*** Opening DATA RECORDS ***

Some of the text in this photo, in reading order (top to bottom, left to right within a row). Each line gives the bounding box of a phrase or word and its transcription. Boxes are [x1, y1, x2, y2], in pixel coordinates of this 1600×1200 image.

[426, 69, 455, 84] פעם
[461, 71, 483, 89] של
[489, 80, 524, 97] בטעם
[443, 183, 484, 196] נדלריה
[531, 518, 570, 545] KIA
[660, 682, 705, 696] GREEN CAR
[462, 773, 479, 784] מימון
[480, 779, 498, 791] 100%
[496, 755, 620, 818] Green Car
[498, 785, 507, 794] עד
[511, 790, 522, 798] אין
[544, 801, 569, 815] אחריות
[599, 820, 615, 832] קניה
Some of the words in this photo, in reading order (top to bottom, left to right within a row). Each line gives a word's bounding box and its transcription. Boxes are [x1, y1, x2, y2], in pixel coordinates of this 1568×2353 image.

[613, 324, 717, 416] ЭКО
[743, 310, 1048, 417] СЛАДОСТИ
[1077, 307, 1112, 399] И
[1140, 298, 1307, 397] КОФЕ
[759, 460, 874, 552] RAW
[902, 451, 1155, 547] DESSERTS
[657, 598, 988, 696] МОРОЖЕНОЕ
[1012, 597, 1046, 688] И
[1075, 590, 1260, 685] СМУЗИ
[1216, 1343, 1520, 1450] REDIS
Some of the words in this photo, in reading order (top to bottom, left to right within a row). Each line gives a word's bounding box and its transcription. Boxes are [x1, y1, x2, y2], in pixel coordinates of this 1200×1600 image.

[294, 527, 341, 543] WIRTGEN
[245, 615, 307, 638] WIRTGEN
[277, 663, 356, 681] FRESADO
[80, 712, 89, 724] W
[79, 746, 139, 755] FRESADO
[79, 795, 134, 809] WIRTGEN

*** Closing DATA RECORDS ***

**BRIEF**
Reproduce the data exactly. Keep every line intact.

**SOLUTION BELOW**
Some of the text in this photo, in reading order (top to bottom, left to right within a row). Each line gives the bounding box of a phrase or word and its transcription. Boxes are [x1, y1, x2, y2], in pixel coordinates of this 1600×1200 image.

[426, 69, 455, 84] פעם
[461, 71, 483, 89] של
[489, 80, 524, 97] בטעם
[443, 183, 484, 196] נדלריה
[531, 518, 570, 545] KIA
[660, 682, 705, 696] GREEN CAR
[462, 773, 479, 784] מימון
[480, 779, 498, 791] 100%
[496, 755, 620, 818] Green Car
[498, 785, 507, 794] עד
[511, 790, 522, 798] אין
[544, 801, 569, 815] אחריות
[599, 820, 615, 832] קניה
Some of the words in this photo, in reading order (top to bottom, left to right within a row). Each line gives a word's bounding box and its transcription. Boxes are [x1, y1, x2, y2], in pixel coordinates of this 1568×2353 image.

[613, 324, 717, 416] ЭКО
[743, 310, 1048, 417] СЛАДОСТИ
[1077, 307, 1112, 399] И
[1140, 298, 1307, 397] КОФЕ
[759, 460, 874, 552] RAW
[902, 451, 1155, 547] DESSERTS
[657, 598, 988, 696] МОРОЖЕНОЕ
[1012, 597, 1046, 688] И
[1075, 590, 1260, 685] СМУЗИ
[1216, 1343, 1520, 1450] REDIS
Some of the words in this photo, in reading order (top to bottom, left to right within a row). Each line gives a word's bounding box and its transcription. Boxes are [x1, y1, x2, y2], in pixel coordinates of this 1200×1600 image.

[294, 527, 341, 543] WIRTGEN
[245, 615, 307, 638] WIRTGEN
[277, 663, 356, 681] FRESADO
[80, 712, 89, 724] W
[79, 746, 139, 755] FRESADO
[79, 795, 134, 809] WIRTGEN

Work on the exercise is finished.